As the nation's farmers age, the aspiring young farmers who might replace them often find high land costs impossible hurdles. Buying 100 acres of good farmland can cost $1 million, and that amount of land often is too little to support a family.
But one approach that works for some young farmers is to find a partner, as Batalden did. An organic farmer, he lives with his wife and three children. They grow a variety of crops and raise pigs, cows and chickens.
Batalden, 37, found his partner seven years ago — just when it looked like full-time farming might remain just a dream — when he responded to a life-changing email.
"Supposedly this guy was trying to get some investors who wanted to invest in farmland linked up with organic and sustainable farmers," he said.
The guy was Robert Karp, founder of New Spirit Farmland Partnerships, based in Milwaukee.
Karp remembers when he first called the young Minnesota farmer.
"Ryan was very appealing because he'd already been farming for five years," Karp said. "He'd grown up on an organic farm so he had a lot of experience. And we could just see that he was a young man who knew what he was doing."
Karp's group had an investor who wanted to buy farmland, and then rent it to an organic farmer. After a search, the investor was able to buy 160 acres near Batalden.
Batalden leased the land at a cost below the rental price of neighboring property. A few years later, they took the same approach with a second purchase, for 100 acres. Today, he farms 260 acres with the assistance of the program, enough to support his family but still scratches his head at how long it took for him to become established.
"It's really hard," Batalden said. "It shouldn't be this difficult, to farm."
Karp said he helped match five other farmers around the United States with investors.
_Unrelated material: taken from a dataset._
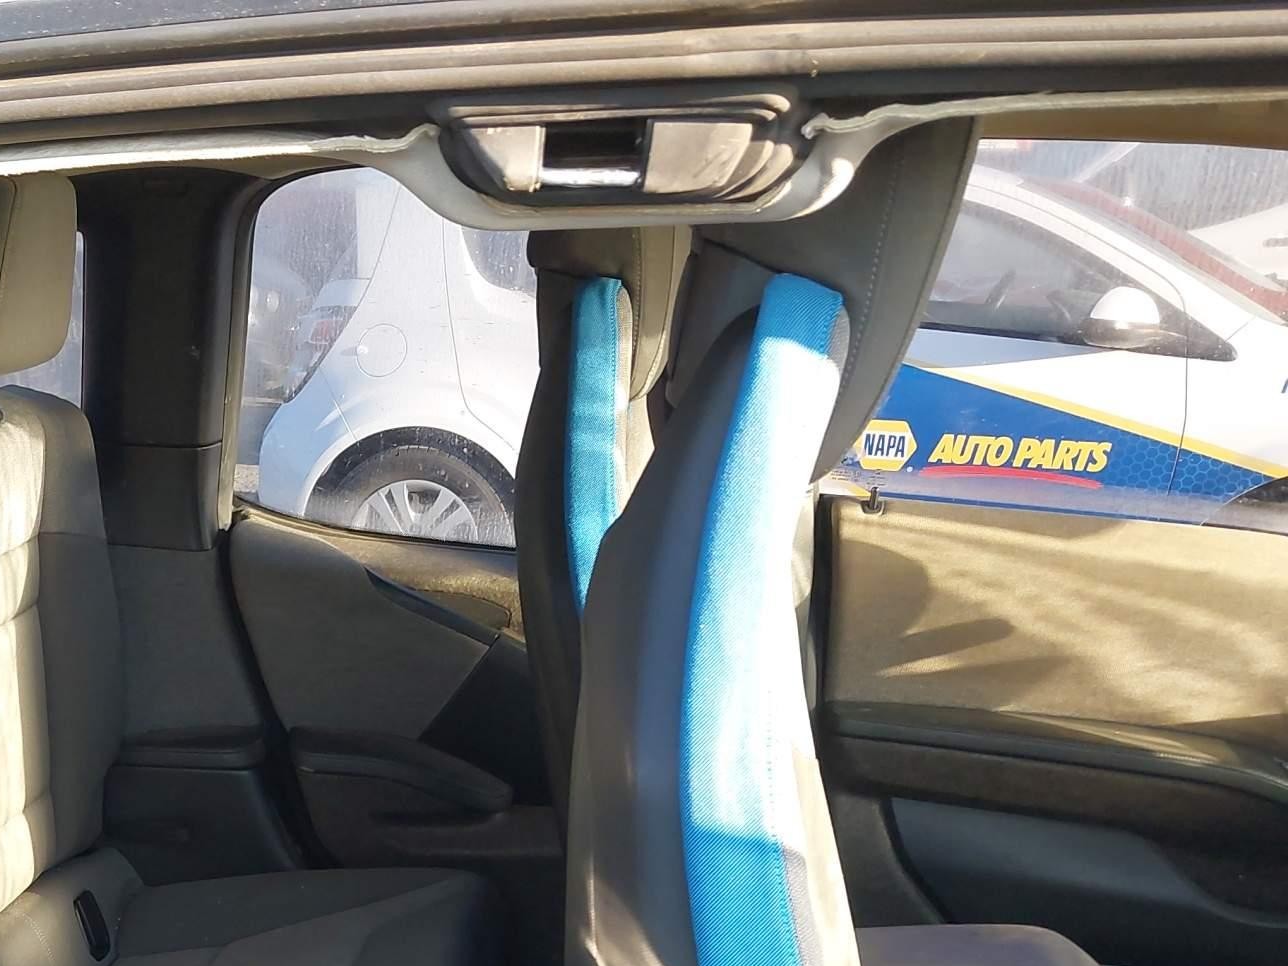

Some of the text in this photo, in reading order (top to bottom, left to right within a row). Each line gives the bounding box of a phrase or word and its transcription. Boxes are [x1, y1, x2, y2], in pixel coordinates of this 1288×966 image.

[863, 433, 906, 458] NAPA
[928, 433, 1112, 473] AUTO PARTS
"It's a unique moment to have so many young people interested in agriculture and we should be trying to help as many of them as we can find their way into farming," he said.
Karp said because his effort works on a relatively small scale, more needs to be done.
Towards that end, other organizations also are working to help young farmers. Among them is the Minneapolis-based Land Stewardship Project. It helps evaluate and instruct young farmers on what they need to do to get started, said Karen Stettler, who oversees the organization's Farm Beginnings program.
"The Farm Beginnings program really helps people to think about their deeply held values and beliefs, put that into a goal, and then to also make sure to follow that goal up with helping them to assess finances and marketing strategies," she said.
In the past 17 years about 600 people have gone through the program, and about 60 percent are still farming, Stettler said.
Batalden, the young southwest Minnesota farmer, said he was lucky to find the help he needed to expand his farming operation. But he said with the average age of the U.S. farmer approaching 60, the nation needs to boost efforts to give young farmers a start.
"I don't know who we think is going to farm all this land," he said. "As the baby boomers move off the land, we're going to need a lot more people."